El próximo martes 30 de septiembre concluye el plazo para realizar el canje de placas vehiculares en Oaxaca, trámite que busca actualizar el padrón de vehículos que circulan en el estado. Las autoridades han reiterado que se trata de una obligación administrativa para las personas propietarias de automóviles y motocicletas, y que no habrá nueva prórroga.
El trámite puede realizarse en el Megamódulo instalado en el Centro Cultural y de Convenciones de Oaxaca (CCCO), de lunes a viernes en un horario de 9:00 a 17:00 horas. También se cuenta con 46 módulos de atención distribuidos en las ocho regiones del estado.
Al corte del 26 de septiembre, se han realizado 51 mil 338 canjes en el Megamódulo. Así como 169 mil 244 en los módulos regionales.
EL ARGUMENTO: ACTUALIZAR EL PADRÓN, PERO LA REALIDAD ES OTRA
Aunque el objetivo del canje de placas, según las autoridades, es contribuir a la seguridad pública mediante una base de datos actualizada de las unidades que circulan en el estado, el panorama en las calles y carreteras no refleja un avance real en movilidad ni seguridad.
“Tiene como objetivo actualizar el padrón vehicular en el estado, lo que se traduce en mayor seguridad al contar con certeza sobre las unidades que circulan, particularmente en caso de que se presente algún acto ilícito”, señaló la titular del área responsable del trámite.
Sin embargo, para muchos ciudadanos, esta narrativa contrasta con la realidad cotidiana en las calles de Oaxaca y sus municipios conurbados.
CIUDADANÍA: “NOS EXIGEN PLACAS, PERO NO ARREGLAN LAS CALLES”
A pesar del llamado a cumplir con el trámite, decenas de usuarios han manifestado su inconformidad por diversos aspectos que van desde la burocracia en los módulos, hasta el mal estado generalizado de la infraestructura vial.
“Nos exigen tener placas nuevas, pero las calles están destrozadas.
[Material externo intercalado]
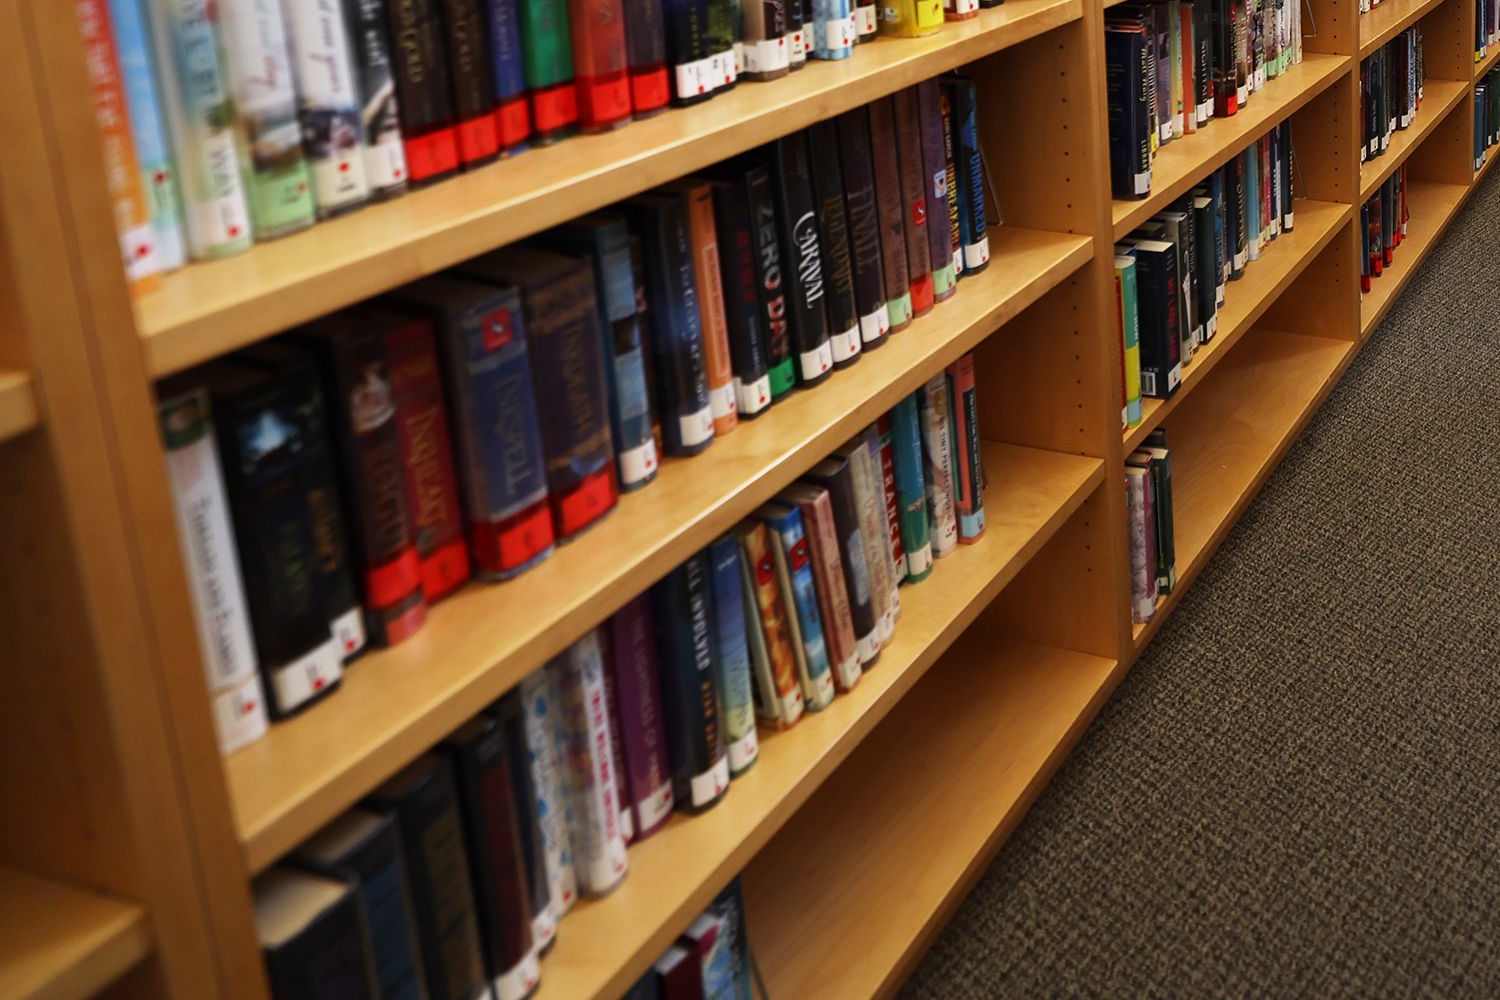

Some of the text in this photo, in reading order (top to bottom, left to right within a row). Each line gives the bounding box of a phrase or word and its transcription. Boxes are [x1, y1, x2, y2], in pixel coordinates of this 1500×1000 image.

[969, 152, 987, 235] UNMARKED
[1140, 139, 1150, 173] LIBRAR
[759, 203, 791, 356] ZERO DAY
[792, 210, 825, 309] CARAVAL
Vas al módulo, pierdes medio día, y luego tu carro se descompone por caer en un bache”, comentó un automovilista que acudía a realizar el trámite en la zona norte de la ciudad.
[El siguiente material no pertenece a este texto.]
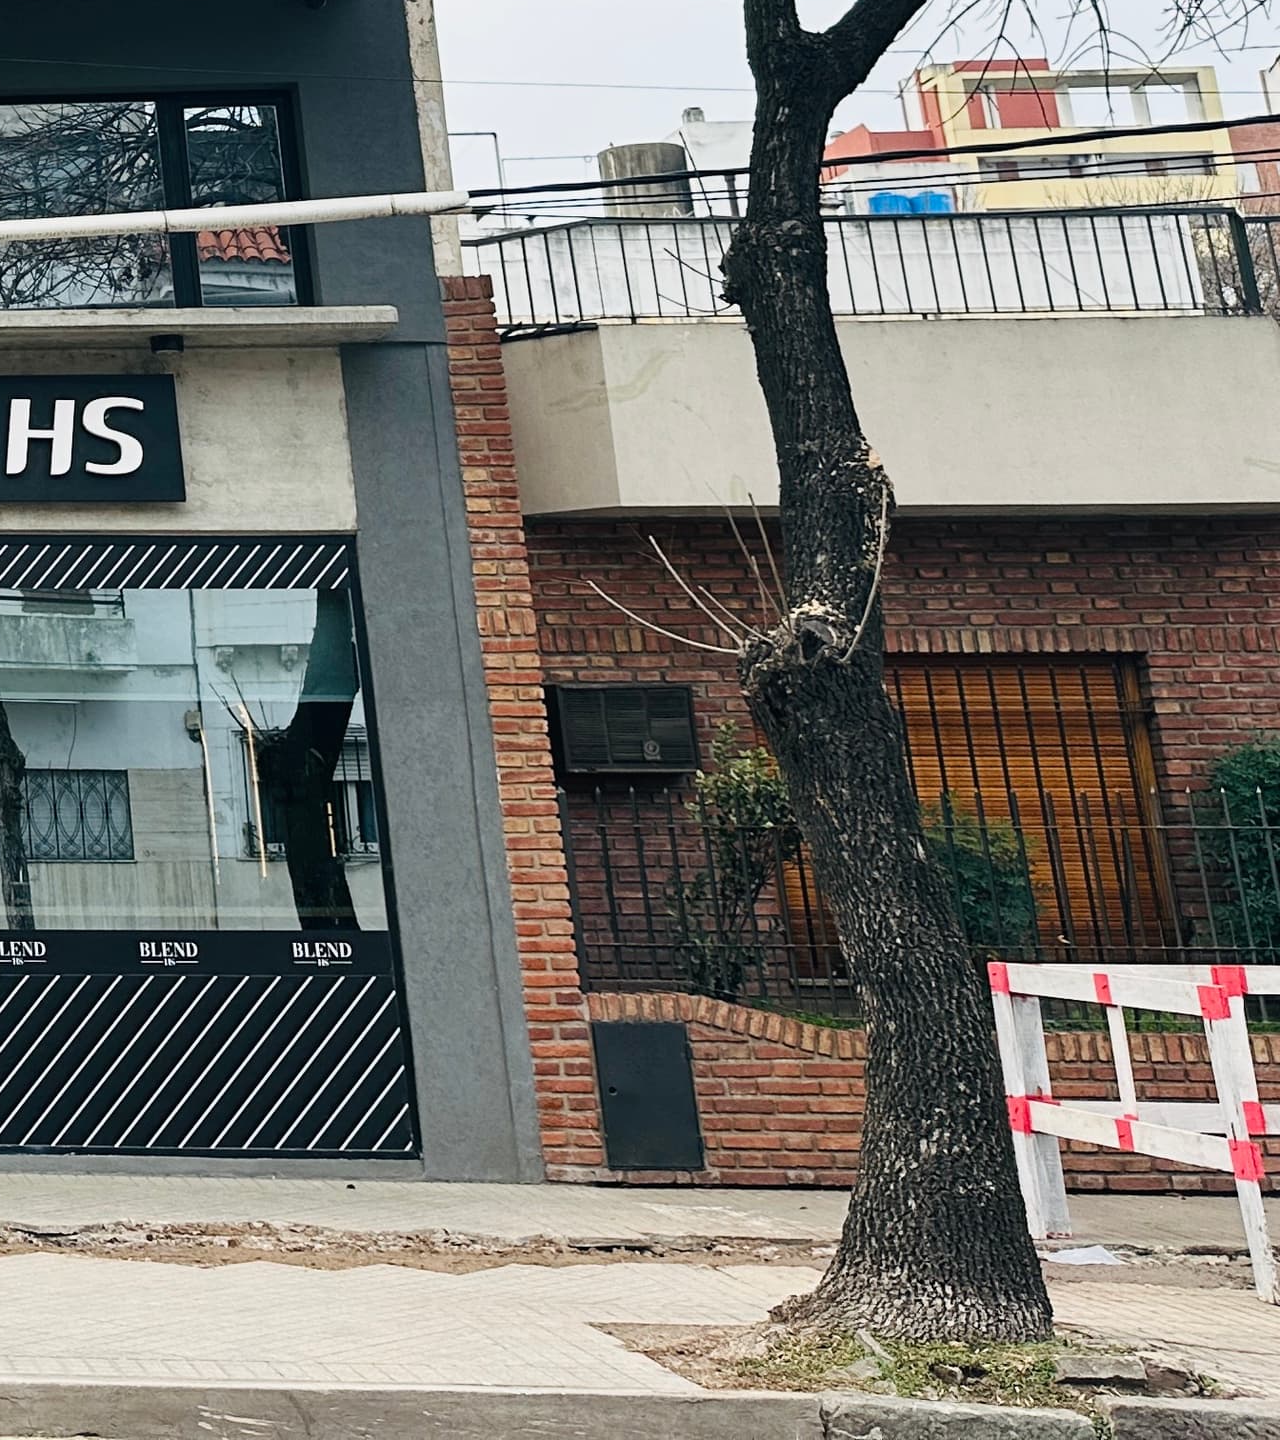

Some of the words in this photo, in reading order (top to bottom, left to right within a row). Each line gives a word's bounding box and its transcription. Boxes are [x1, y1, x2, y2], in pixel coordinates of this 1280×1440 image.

[5, 396, 145, 476] HS
[139, 942, 198, 958] BLEND
[292, 942, 352, 958] BLEND
Además, usuarios denuncian que unidades del transporte público y taxis, en especial foráneos, circulan en condiciones deplorables. Muchas veces sin ser detenidas por la autoridad, emitiendo nubes de humo sin que haya sanción alguna.
“Hay taxis echando humo negro todo el día, pero a ellos nadie los para”, señaló otra persona afectada.
MOVILIDAD: UN TRÁMITE MODERNO EN CALLES DEL SIGLO PASADO
La promesa de una “movilidad más segura y transparente”, como se afirma desde el gobierno, choca con la falta de inversión en infraestructura vial, la ausencia de mantenimiento rutinario y el desinterés evidente en aplicar la ley al transporte público contaminante.
Para muchos, el canje de placas no pasa de ser un trámite recaudatorio disfrazado de política pública. Mientras los problemas estructurales siguen sin atenderse.
UN PROCESO NECESARIO, PERO INSUFICIENTE
Aunque es cierto que actualizar el padrón vehicular puede contribuir a mejorar la seguridad y el control de unidades, también es claro que esto no sustituye la responsabilidad del gobierno estatal y municipal de ofrecer condiciones mínimas de circulación digna y segura.
Finalmente, los ciudadanos están cumpliendo con su parte. Ahora toca al Estado responder con hechos, no con promesas ni comunicados.